Depois do casal de velhotes pedintes que me recebeu aqui na cidade, à noite foi a vez de um tipo me abordar e pedir dinheiro, explicando como tinha saído há um mês do «estabelecimento prisional», não conseguia arranjar trabalho, provavelmente porque também não conseguia largar a droga, que o pôs lá dentro e que esperou por ele cá fora. Pela sinceridade, dei-lhe 50 cêntimos. Mas não devia.

"Quiet Love", do alemão Till Franzen, encerrou o dia no Fantasporto, sessão das 23h15 — antecedido de uma triste curta de Luís Galvão Telles, "Glamour", apupada em belo estilo («mas que merda! buuuuuuuuuu...») por alguns dos presentes. Em "Quiet Love" entrelaçam-se várias estórias de amor, que juntas fazem um filme denso e difícil, mas capaz de entreter nas fintas que os falsos finais — fui enganado duas vezes — fazem aos espectadores, apesar da extensão da fita. Ali há amor fraterno, por quem morre; amor passional — isto diz-se? — pela mulher; amor cego, por quem nos faz mal.
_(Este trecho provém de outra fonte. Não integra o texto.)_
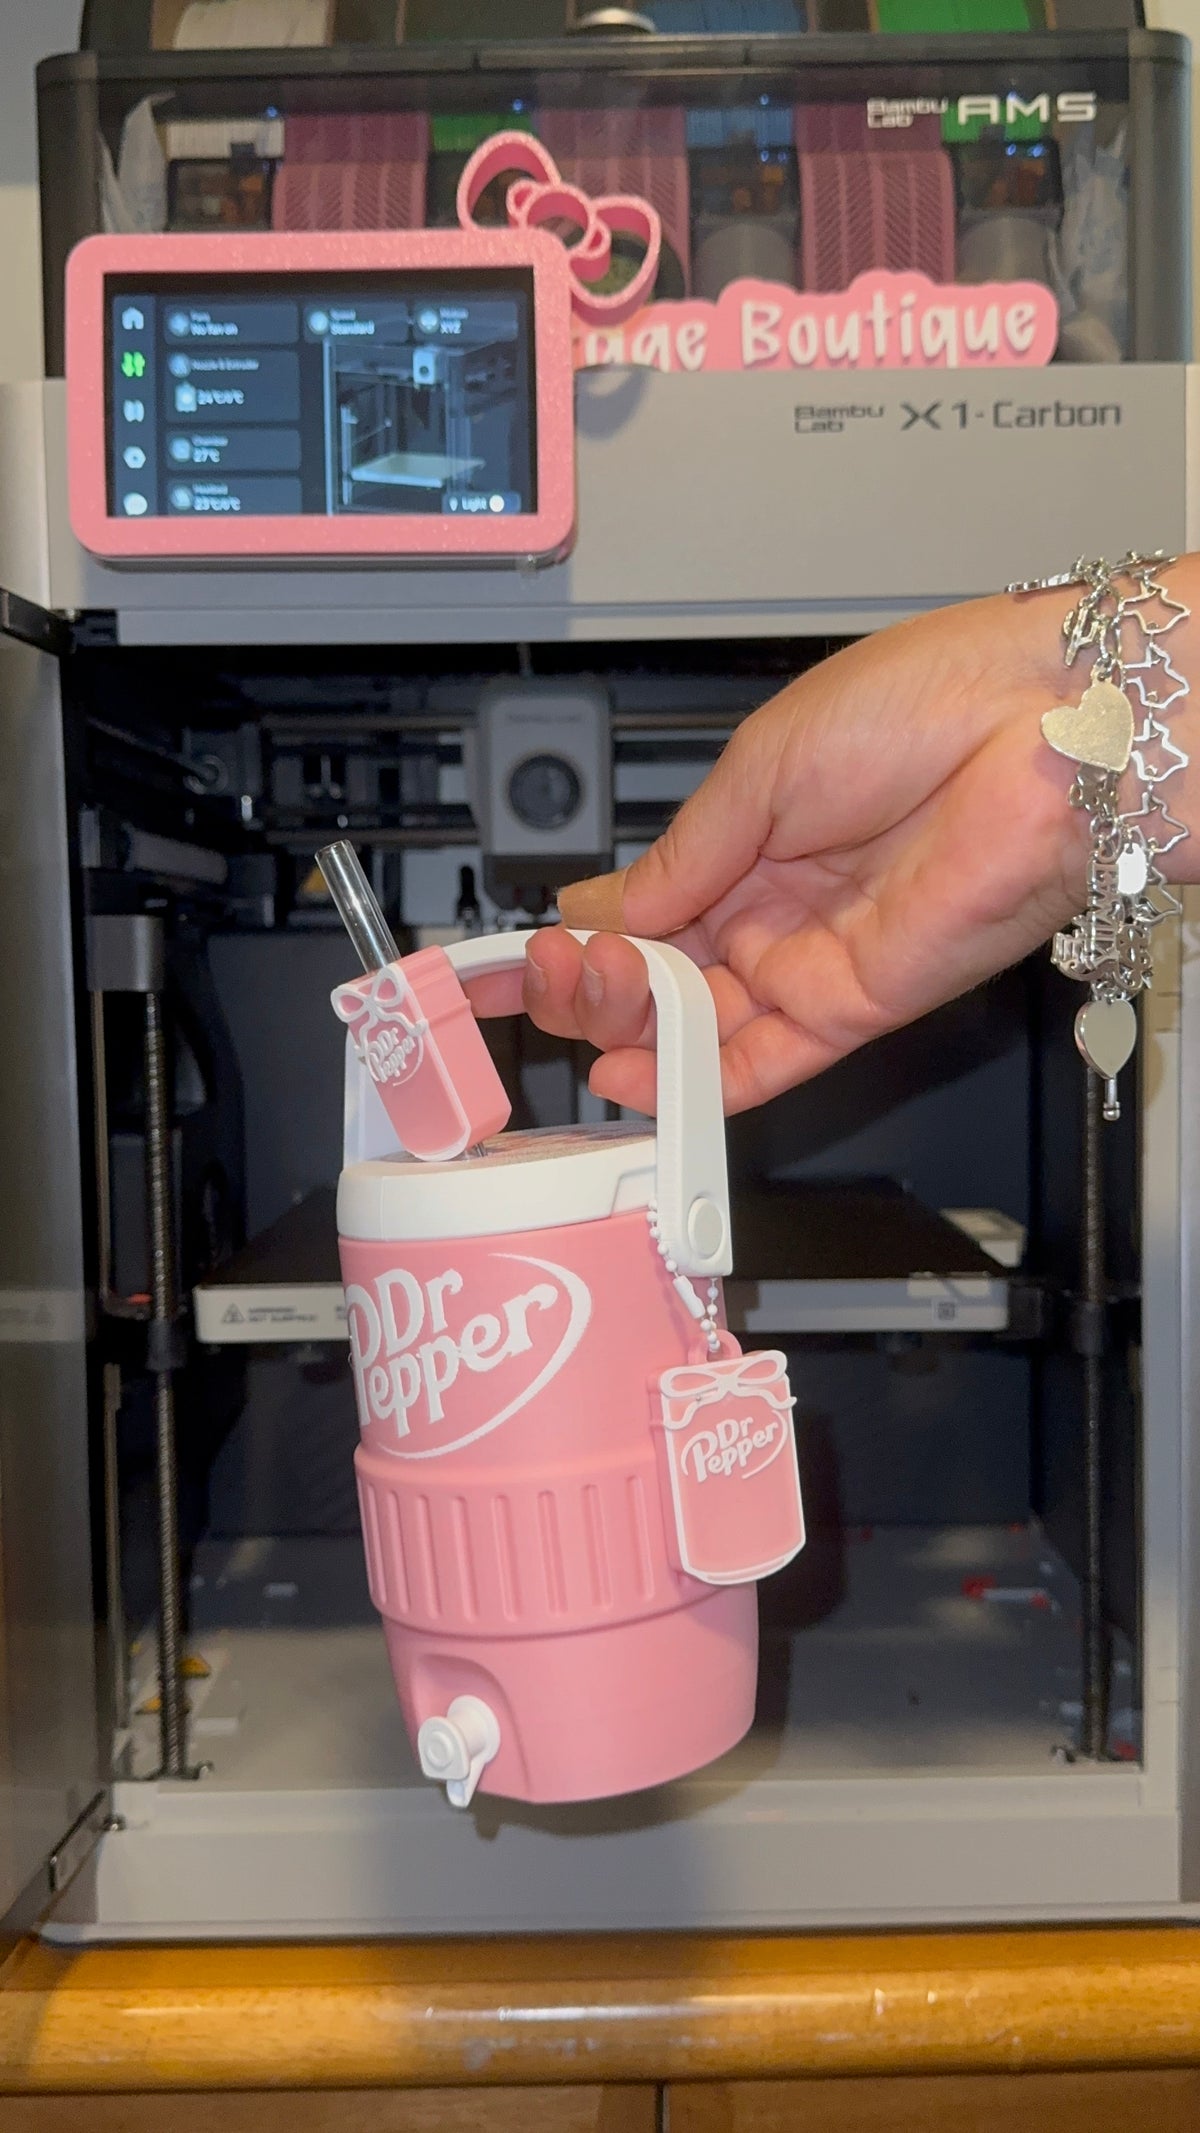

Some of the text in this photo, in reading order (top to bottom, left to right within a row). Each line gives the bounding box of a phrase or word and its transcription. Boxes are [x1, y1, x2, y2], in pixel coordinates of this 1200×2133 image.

Ali há morte, natural e inexplicada; acidental e inesperada; e há dúvida de morte — o inspector morreu?

Muito bem filmado, com uma fotografia belíssima, uma banda sonora muito bem conseguida, dos Lambchop a dramáticos e introspectivos trechos de piano, e com desempenhos soturnos mas terrivelmente adequados à intensidade da fita, "Quiet Love" é um bom filme. A conferência de imprensa com o realizador é mais logo, às 15h.